With only two hours of what was essentially an early morning nap, I wasn't exactly refreshed, but I had to get going.

I ate a quick breakfast, making the mistake of mixing a fruit cocktail in with my baked beans (fruit cocktail and baked beans for breakfast... only in England, eh?) and ending up with all of my savory food tasting like sugary syrup. Then I set off for my university in London. The first time I've even made it close to campus.

While I still haven't gotten a chance to see the main quad that my school is known for, I was finally acquainted with that feeling of being a student at the university. The past two days have been filled with little activities all with fellow American students, but in this first venture to the area that directly surrounds the campus which I will be spending the next three months at, I felt at home. For the first time.

Though I would've liked to meet more people at my international student orientation, the couple I did meet were enough to make me feel positive about my forthcoming experience in London.
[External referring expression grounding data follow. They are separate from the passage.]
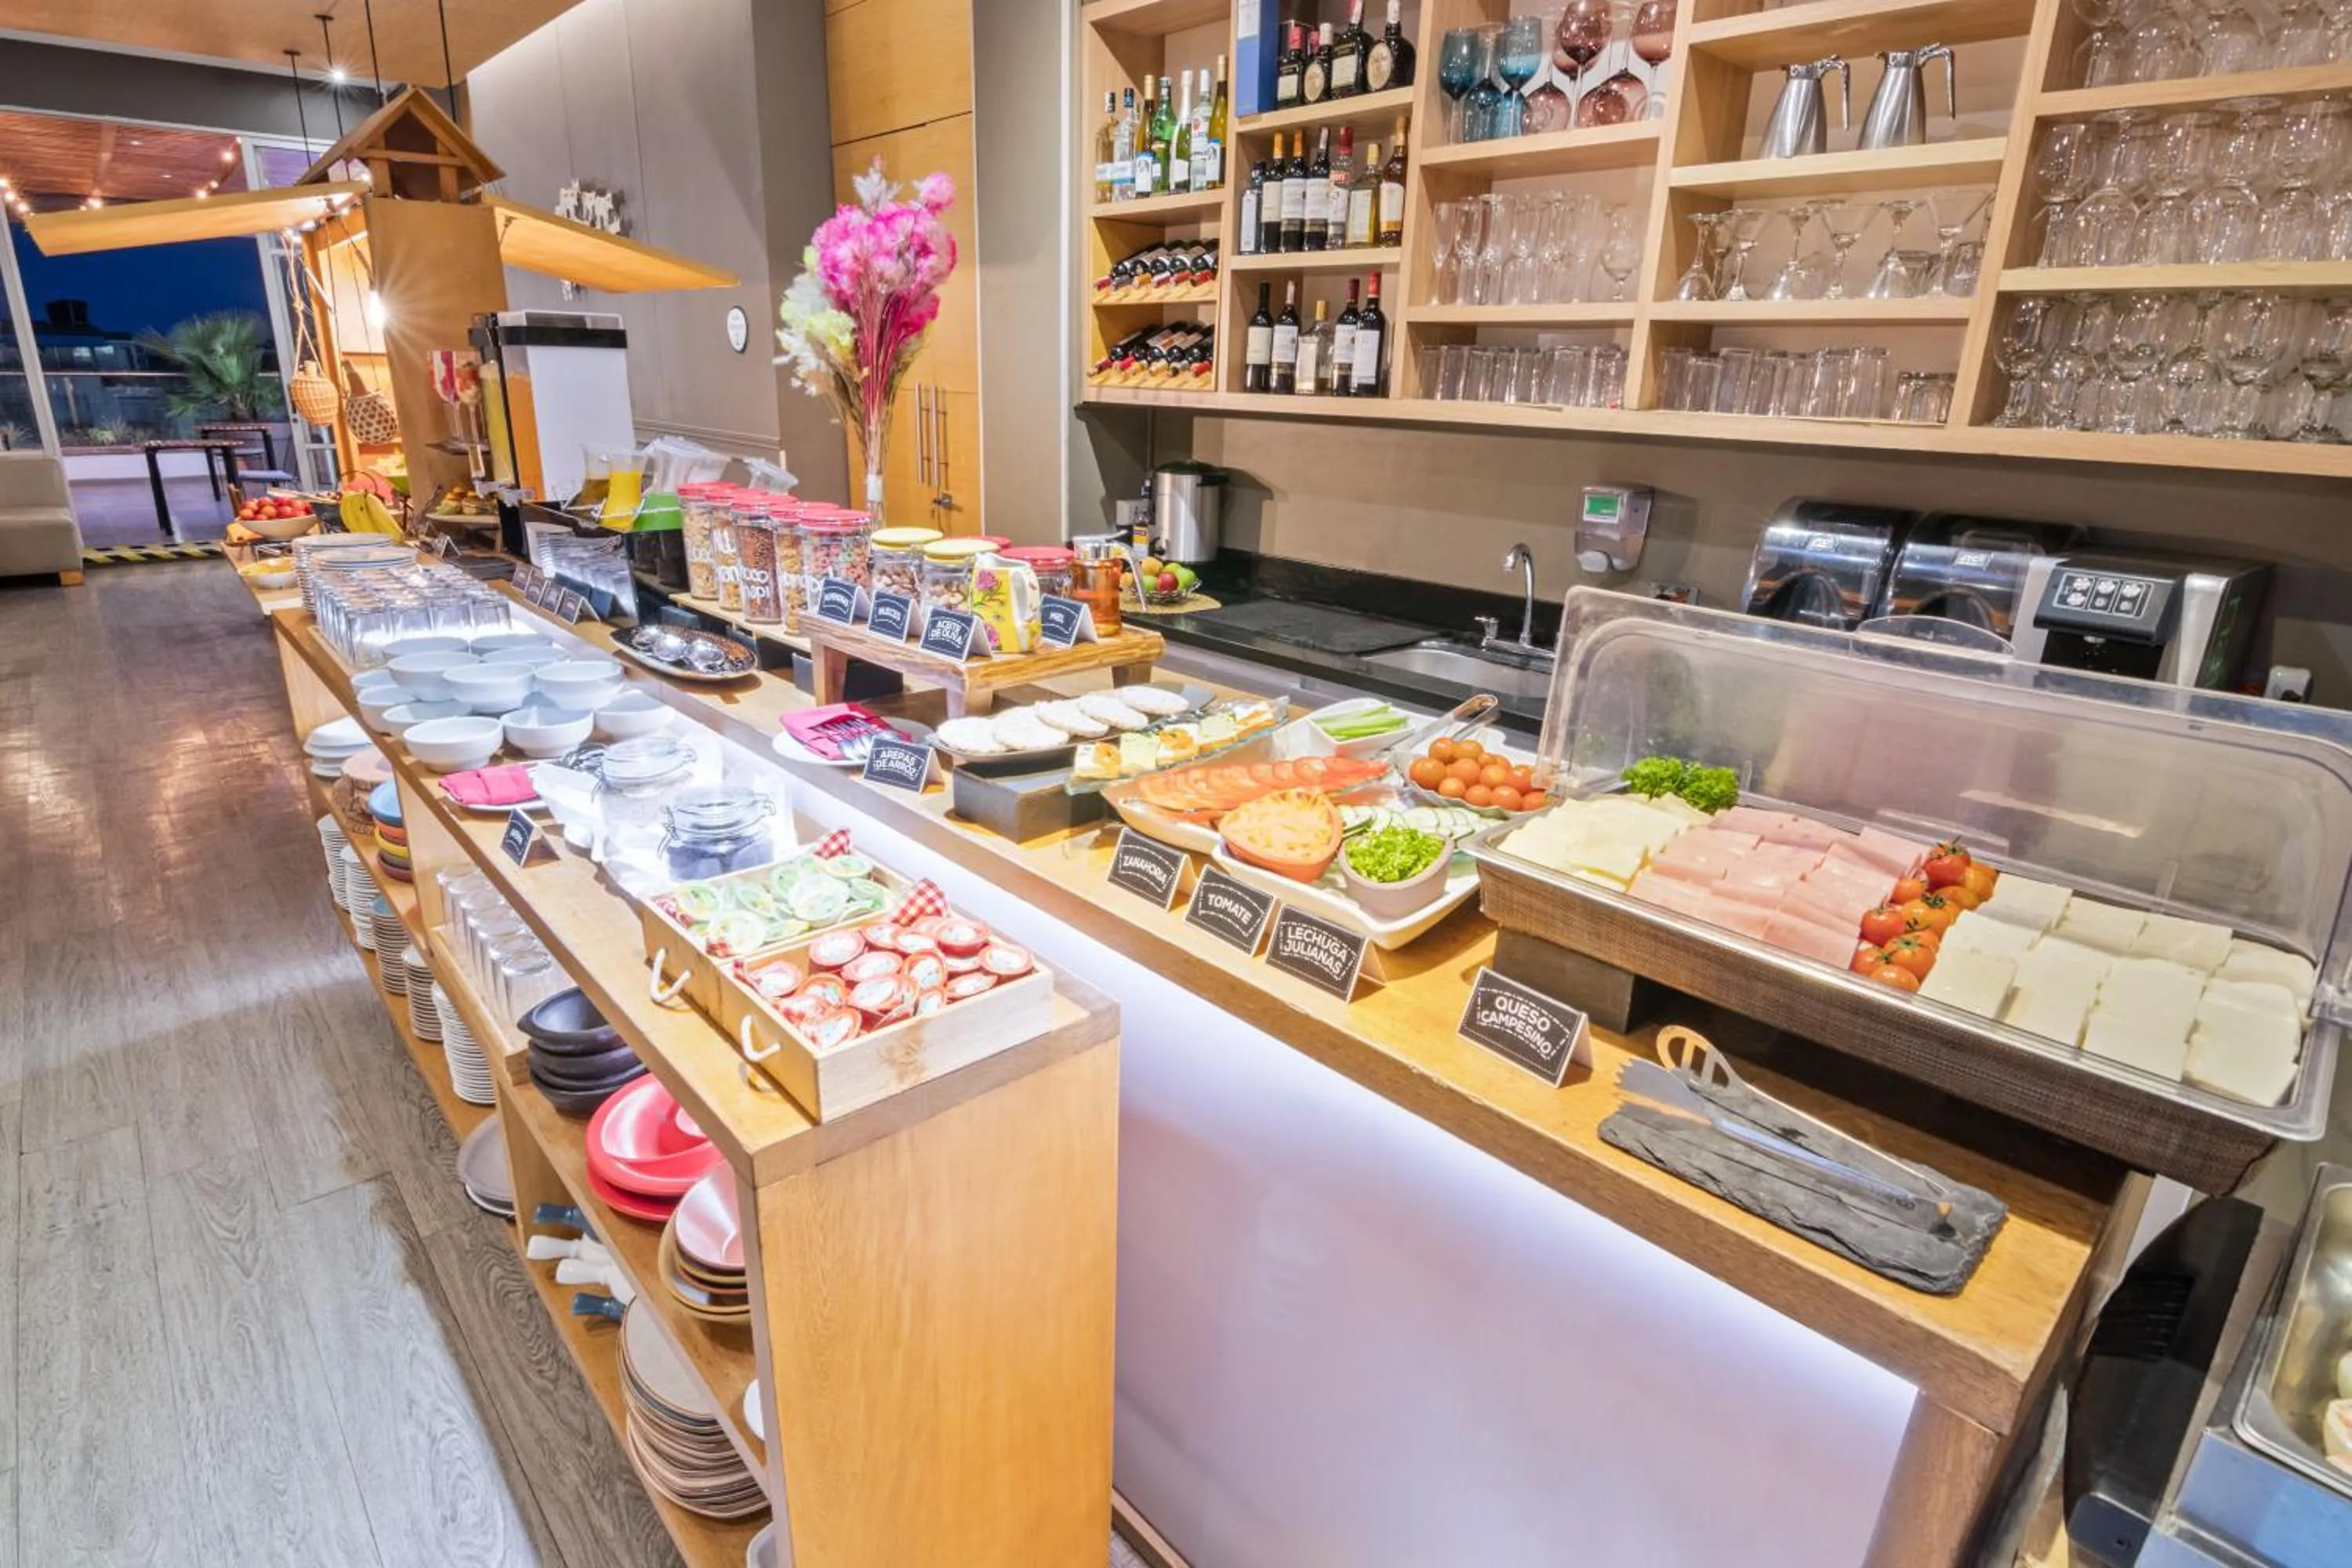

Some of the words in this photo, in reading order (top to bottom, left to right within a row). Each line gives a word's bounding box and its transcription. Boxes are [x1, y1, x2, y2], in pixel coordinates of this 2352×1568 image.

[931, 628, 942, 637] DE
[942, 629, 964, 645] OLIVA
[936, 620, 962, 633] ACEITE
[876, 758, 888, 768] DE
[888, 760, 916, 777] ARROZ
[880, 750, 916, 767] AREPAS
[1123, 855, 1167, 885] ZANAHORIA
[1207, 893, 1252, 924] TOMATE
[1283, 939, 1343, 975] JULIANAS
[1287, 926, 1348, 963] LECHUGA
[1495, 996, 1551, 1032] QUESO
[1481, 1010, 1552, 1054] CAMPESINO
The first was a Canadian girl who I could easily have assumed was American, and who complained herself that she's always correcting people who believe she's from the States.
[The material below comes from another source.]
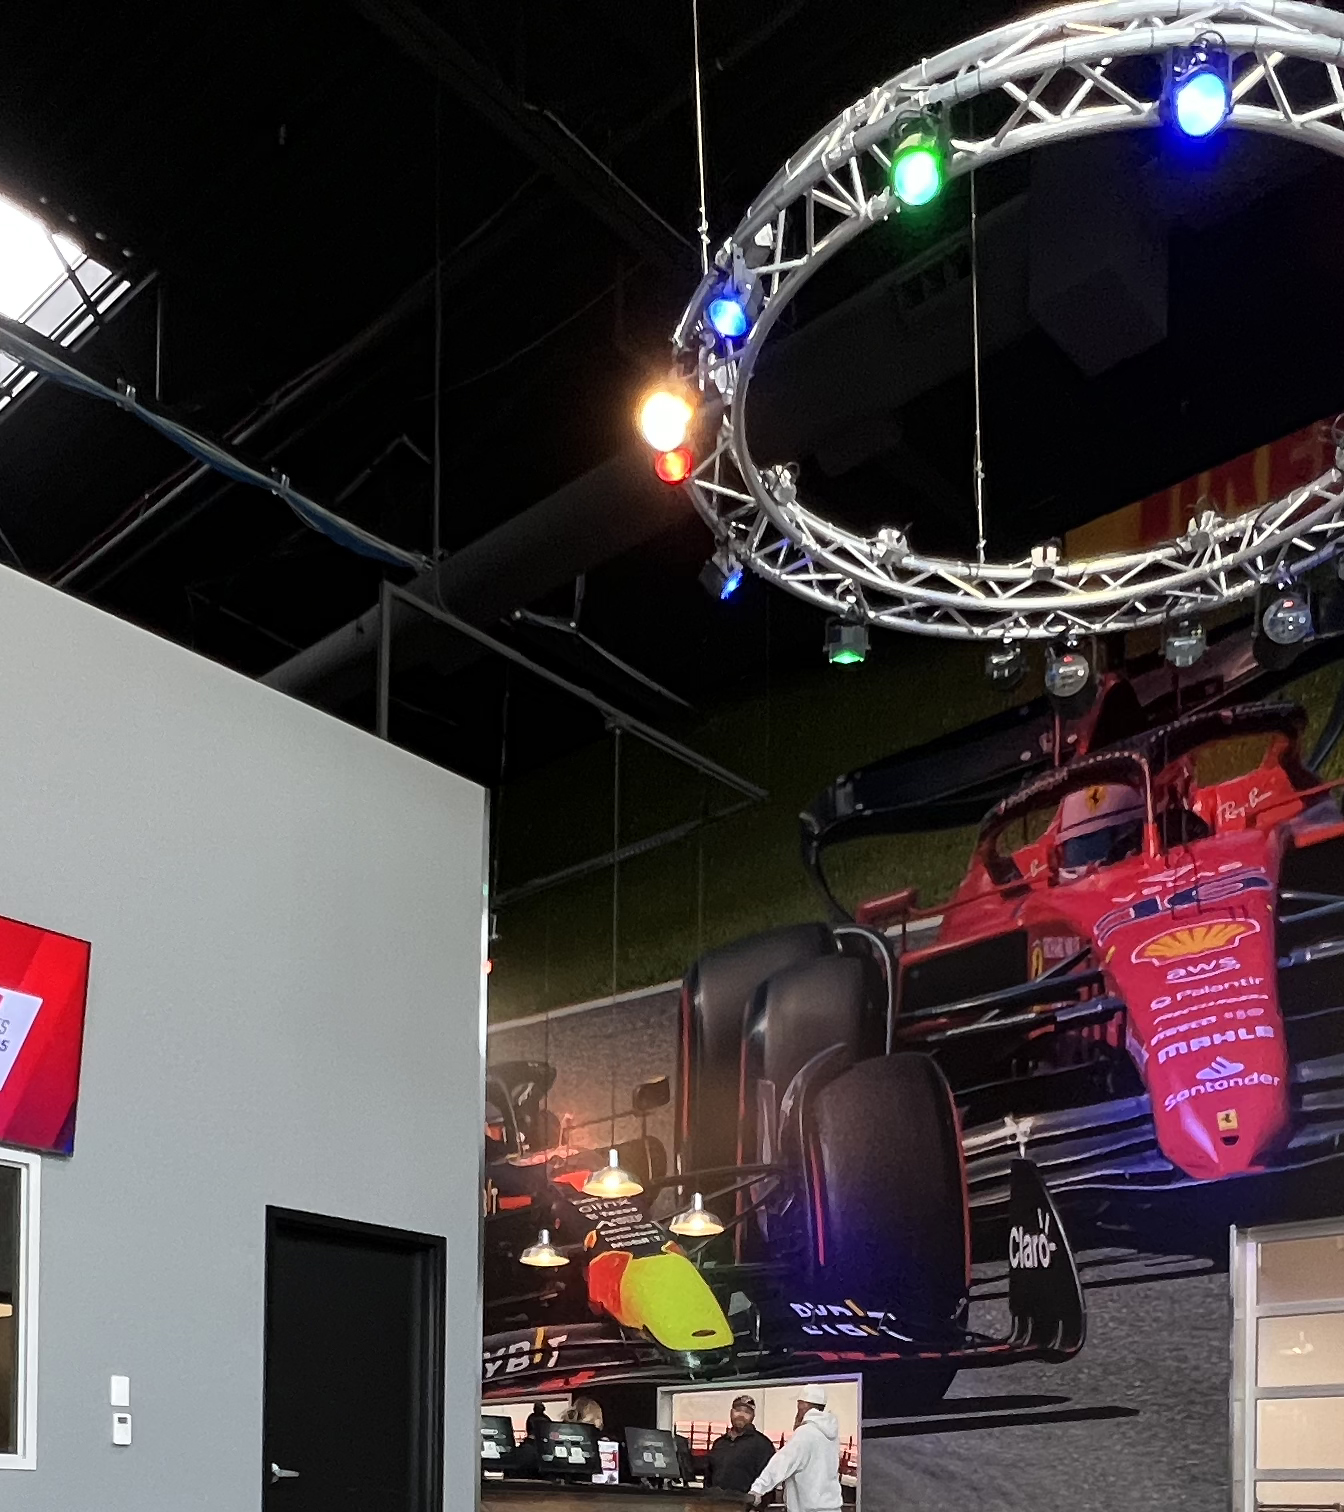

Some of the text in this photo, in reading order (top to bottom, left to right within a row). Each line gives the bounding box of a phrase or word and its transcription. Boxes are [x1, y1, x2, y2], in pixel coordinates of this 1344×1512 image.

We spent a couple of hours together in orientation sessions talking about our programs of study and all that we'd experienced so far in London and in regards to UCL. It was interesting for me to get to know someone with whom I don't have any background relationship. Many of the people in my study abroad program at the hotel are students at my home institution, which means we often end up talking about Chicago rather than London. It can be a bit comforting, but getting out of the box and meeting people from completely different backgrounds has been even more incredible.

A few hours later I took a walk back to my hotel, grabbed a sandwich from Pret A Manger and ate lunch in Russell Square. When a pigeon came up to me, I clandestinely threw him a piece of bread, then immediately regretted the decision when a bunch of other pigeons came barreling toward the poor thing and tried stealing the bread directly out of his mouth. Survival of the fittest, my butt. This was thievery.

Anyway, I soon warmed up to the other pigeons once they stopped attacking my original bird buddy. And thus the lunch was a success.

But the best part of my day was getting ahold of my dad on FaceTime and planning to meet up with him later in the day. He'll be here for the rest of the week and it is such a relief that I cannot even imagine what I would've done had he not been around.

Even though London has been wonderful to me these past few days, extraneous factors have put a strain on my relationship with it. Living situations, difficulty in communication and occasional feelings of loneliness have put a damper on what is otherwise the most wonderful thing to happen to me for a very long time.

The way I see it, this is still a city that can do no wrong. But at the moment I'm still trying to shape the social atmosphere in which I dwell so that it does no wrong too. Or at least so I can work along with it.

Thing is, I still haven't met a single British university student. But that's my next step. Tomorrow I'm back at international orientation, but by next week I'll be hobnobbing with hundreds of more people. With that, things are looking up.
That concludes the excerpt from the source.